Traço a traço, passo a passo
Conheci o meu companheiro, desde sempre, a desenhar e a contar estórias. Às vezes em simultâneo, outras em separado. Alguns familiares e amigos próximos conhecem as suas duas obras, editadas por nós cá em casa(s) para oferecer aos sobrinhos e afilhada(s): uma sobre a saída do ninho na perspectiva da expansão e aprendizagem, a outra sobre o futuro parecendo um regresso a casa ou a um passado imaginado. Há pouco falámos sobre os tempos da escrita a que ambos nos dedicamos nestes dias, os meus no presente e passado aproximando-me do futuro, o dele no futuro enquadrando o presente. E também o passado, diria eu.

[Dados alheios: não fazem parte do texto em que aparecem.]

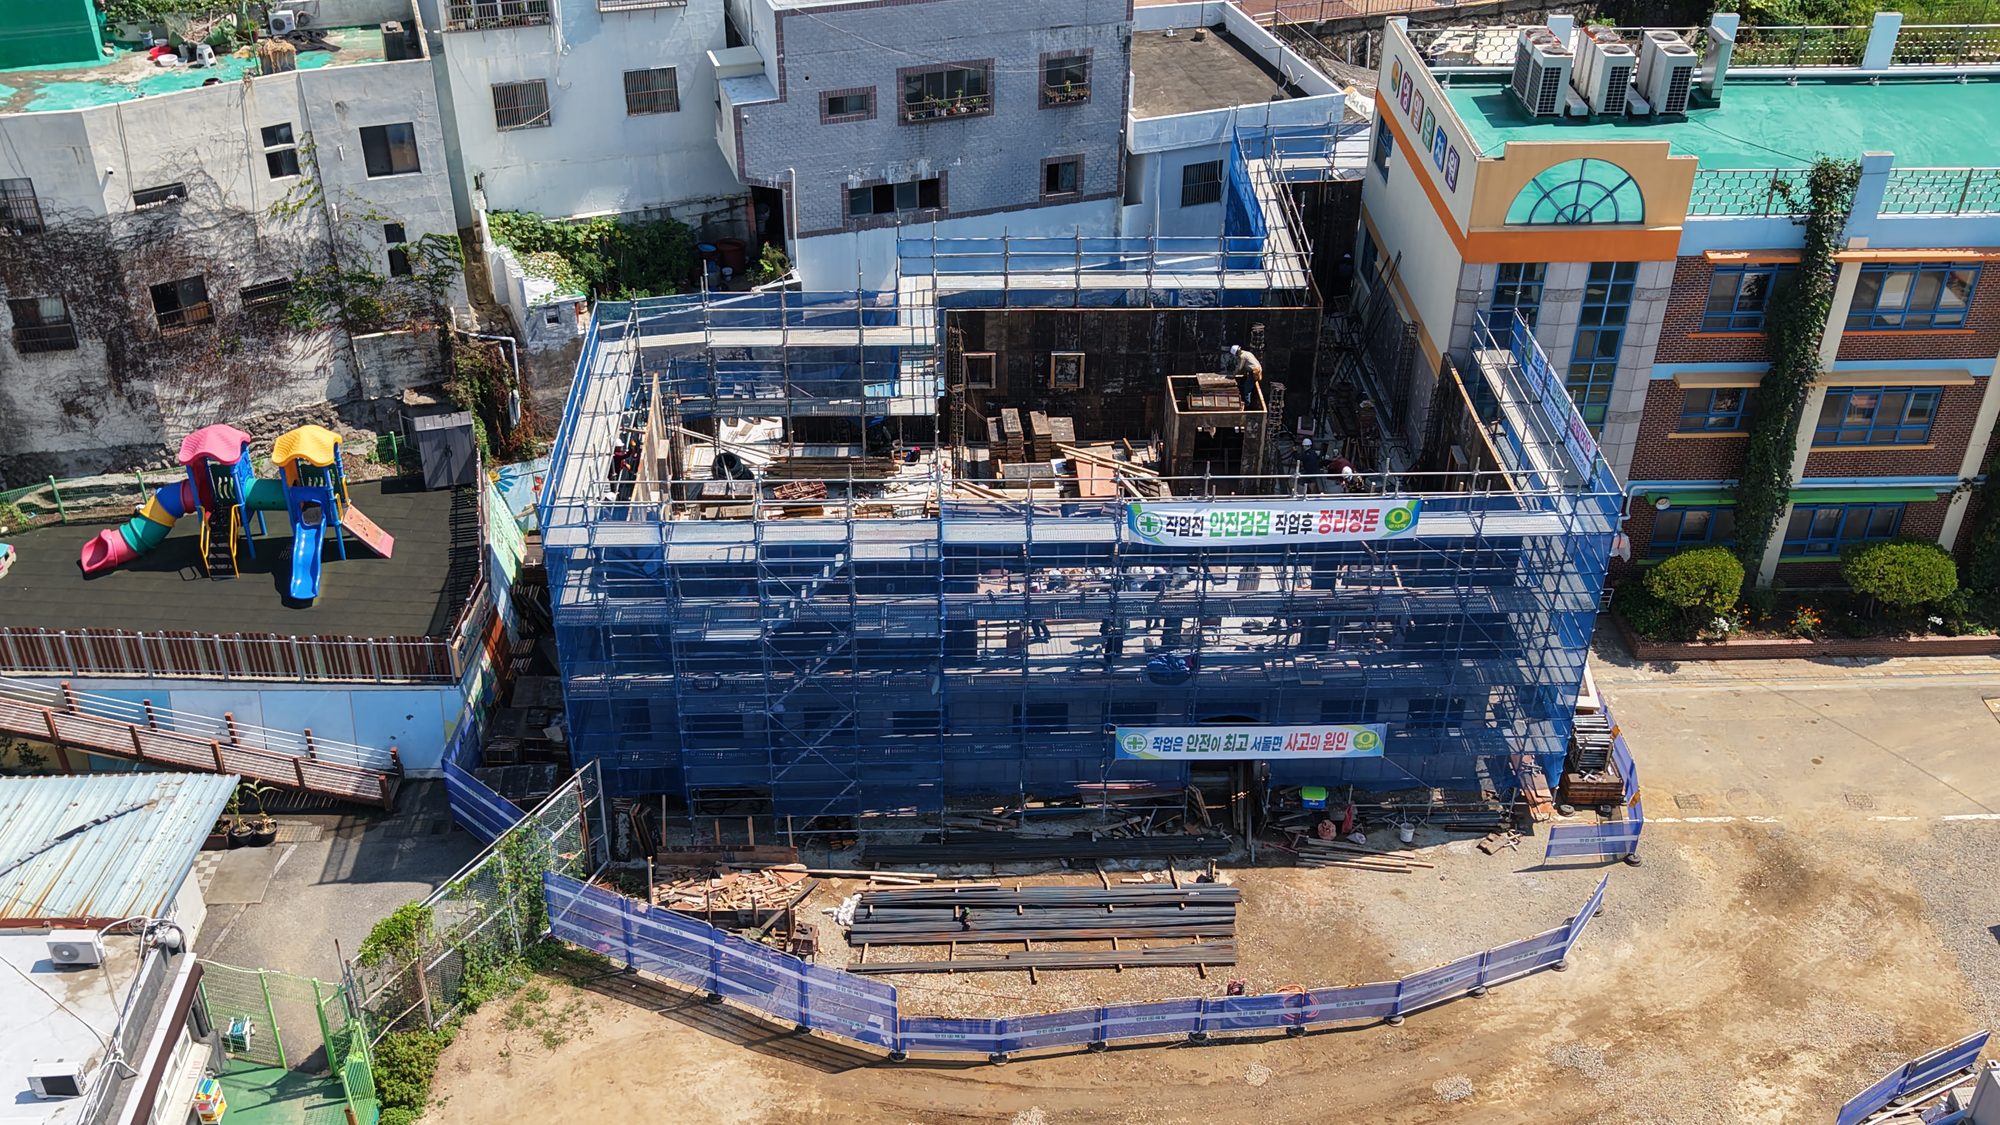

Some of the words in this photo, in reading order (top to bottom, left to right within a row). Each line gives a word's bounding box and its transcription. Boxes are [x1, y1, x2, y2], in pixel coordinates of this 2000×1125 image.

[1166, 516, 1204, 537] 작업전
[1275, 513, 1313, 535] 작업후
[1318, 509, 1379, 534] 정리정돈
[1153, 736, 1183, 752] 작업은
[1186, 734, 1221, 752] 안전이
[1223, 733, 1249, 752] 최고
[1284, 733, 1321, 751] 사고의
[1323, 732, 1349, 751] 원인
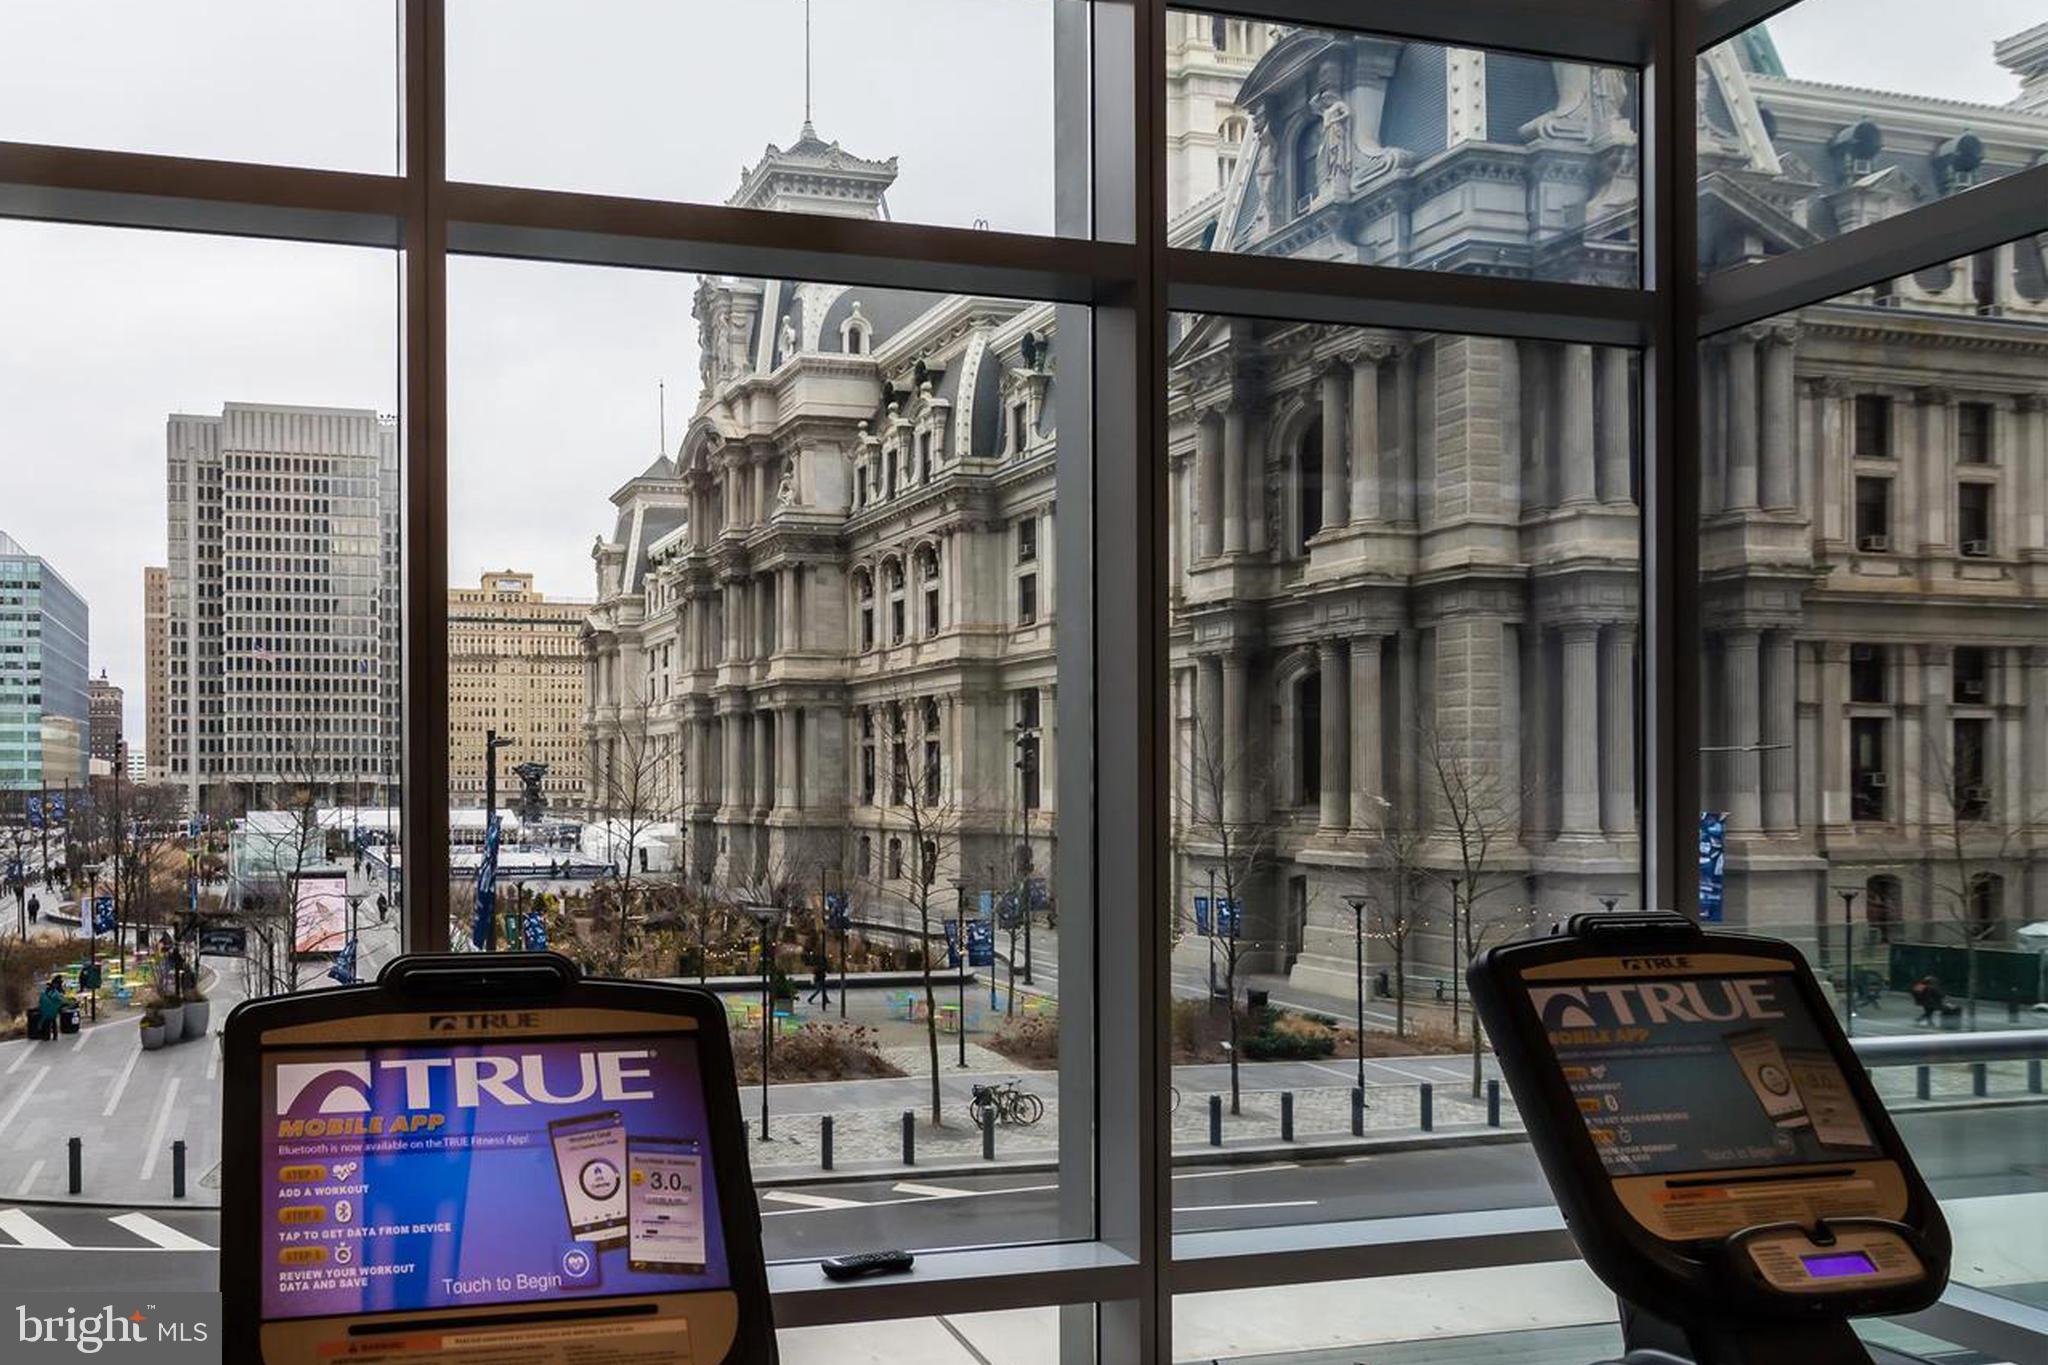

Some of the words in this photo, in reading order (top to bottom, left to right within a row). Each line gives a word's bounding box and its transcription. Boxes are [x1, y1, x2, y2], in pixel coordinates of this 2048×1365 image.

[1644, 956, 1692, 970] TRUE
[1588, 979, 1785, 1025] TRUE
[463, 1013, 539, 1029] TRUE
[380, 1050, 655, 1111] TRUE
[278, 1115, 384, 1138] MOBILE
[389, 1113, 446, 1134] APP
[279, 1143, 329, 1156] Bluetooth
[329, 1144, 339, 1154] is
[340, 1144, 363, 1153] now
[366, 1138, 408, 1152] available
[410, 1140, 424, 1150] on
[425, 1137, 443, 1149] the
[443, 1136, 469, 1147] TRUE
[471, 1134, 504, 1147] Fitness
[506, 1133, 531, 1147] App!
[279, 1188, 301, 1198] ADD
[304, 1187, 312, 1196] A
[314, 1184, 369, 1196] WORKOUT
[650, 1172, 681, 1191] 3.0
[279, 1231, 301, 1241] TAP
[303, 1230, 319, 1240] TO
[322, 1229, 343, 1239] GET
[347, 1226, 377, 1238] DATA
[379, 1224, 410, 1236] FROM
[412, 1222, 452, 1234] DEVICE
[279, 1270, 323, 1281] REVIEW
[325, 1267, 356, 1278] YOUR
[359, 1263, 415, 1276] WORKOUT
[279, 1281, 310, 1292] DATA
[313, 1279, 337, 1290] AND
[339, 1276, 368, 1288] SAVE
[442, 1276, 492, 1295] Touch
[496, 1276, 512, 1291] to
[516, 1272, 562, 1292] Begin
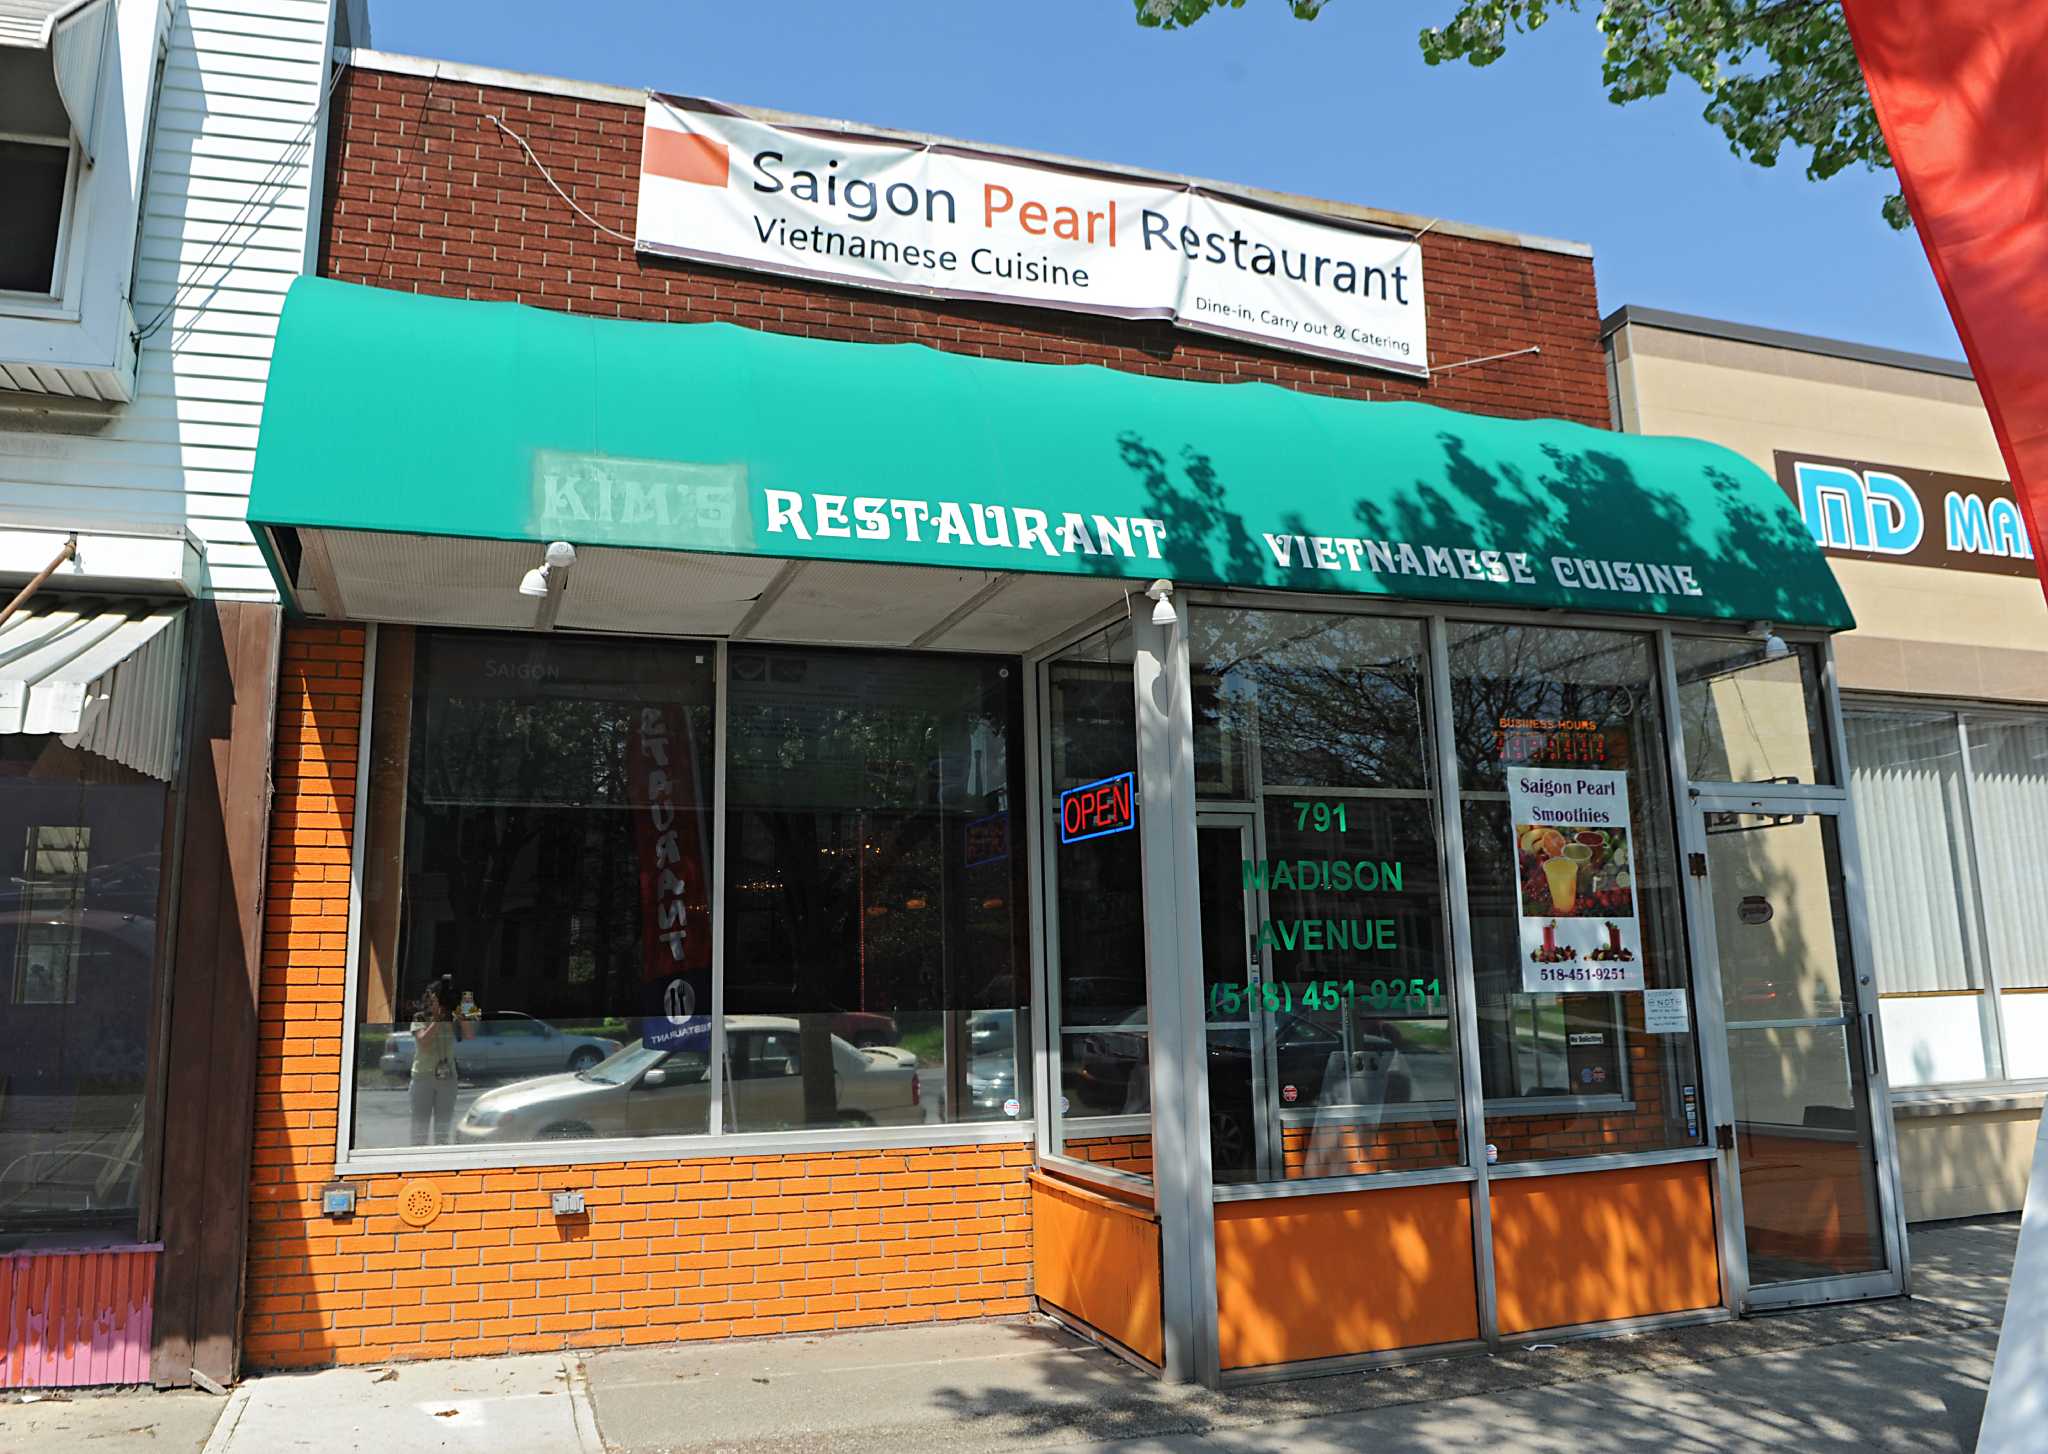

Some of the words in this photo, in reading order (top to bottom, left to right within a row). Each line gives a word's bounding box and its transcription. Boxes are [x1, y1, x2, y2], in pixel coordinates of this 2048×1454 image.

Pensava nisto quando me lembrei de um famoso livro de auto-ajuda, O Segredo, que a certa altura afectou quiçá positiva, mas sobretudo obsessivamente, uma querida amiga que eu tinha, que começou a dizer que tudo é possível. Era sobre a capacidade de realizar o que se deseja através de técnicas de visualização ou re-posicionamento da perspectiva a cada momento de vida, no sentido de bloquear obstáculos à concretização do ideal individual. Ela começou a parecer querer explicar-me, com uma urgência crescente, que eu podia o que quisesse, bastava acreditar em mim mesma e visualizar o futuro (o que na altura me irritava de sobremaneira, porque eu estava a tentar fazer o primeiro luto real da minha vida enquanto fazia limpezas para sobreviver e tentava aprender a pensar na segunda língua estrangeira no espaço de dois anos, dois países. Tinha finalmente chegado a Berlim-para-ficar há uns meses... e comecei a chamar-lhe ditadora da positividade tóxica para mim mesma, interiormente, mas o que é certo é que nos fomos afastando). Não me parece que seja um segredo, mas simples parte integrante do processo de amadurecimento, reconhecer o que nos importa mesmo e fortalecer a nossa vontade no sentido da concretização efectiva de um plano, estratagema, cronograma, esboço, guião, ou o que quer que seja que cada um chame ao suporte para chegar ao resultado esperado dentro do enquadramento escolhido: temos que escolher o papel que queremos ter com toda a clareza, seja em que projecto for; e depois conhecê-lo profundamente dando-lhe vida.
Para desenvolver um projecto de vida não basta visualizar o que se deseja; para o ir tornando efectivo também é preciso ser capaz de estabelecer objectivos concretos, que se vão tentando cumprir a médio e longo prazo e que implicam esforço e dedicação continuados. Com todos os desvios e tempos de espera e reconstrução a que as vicissitudes e os imponderáveis da existência nos obrigam, muitos ou poucos dependendo da biografia e da História - há que saber o que se quer, mas também o que não se quer, e continuar a agir em consequência. Chegados à meia idade, quando a resolução da equação entre o que se quer e não quer ainda se revela alternativa ao sistema vigente, ao que já se conhece e renega como possibilidade, é precisa coragem quer para persistir acreditando no que se consegue visualizar, quer para prosseguir agindo na direcção da realização do que se visualiza. Eu prefiro se com alguma poesia, capacidade de improvisação e espírito de equipa. Indubitavelmente comunicando, connosco mesmos e com quem está presente.
Mas, se nos abrimos à possibilidade de interacção em mundos alheios e à consequente possibilidade da transformação pessoal progressiva, como cristalizar os tais objectivos concretos e sobretudo o tempo ideal da sua concretização, aquele que garanta a manutenção da direcção? Como destrinçar o que é absolutamente necessário preservar e desenvolver daquilo que ainda pode vir a ser qualquer outra coisa, porventura mais completa ou que melhor nos complete?
A certa altura, talvez seja o conjunto de todas estas estórias firmadas na escrita que vá, discreta e certeiramente, tecendo o destino final. Importante é cuidar sempre do solo e ir desbravando terreno inóspito para lá chegar, nem que seja ao caminho realmente comum. É no que ambos nele com consciência pomos - bom, mau, excitante, confortável, perturbante, estimulante, apaziguador e muitíssimo árduo também, mas em verdade - que eu nos quero dia-a-dia a continuar.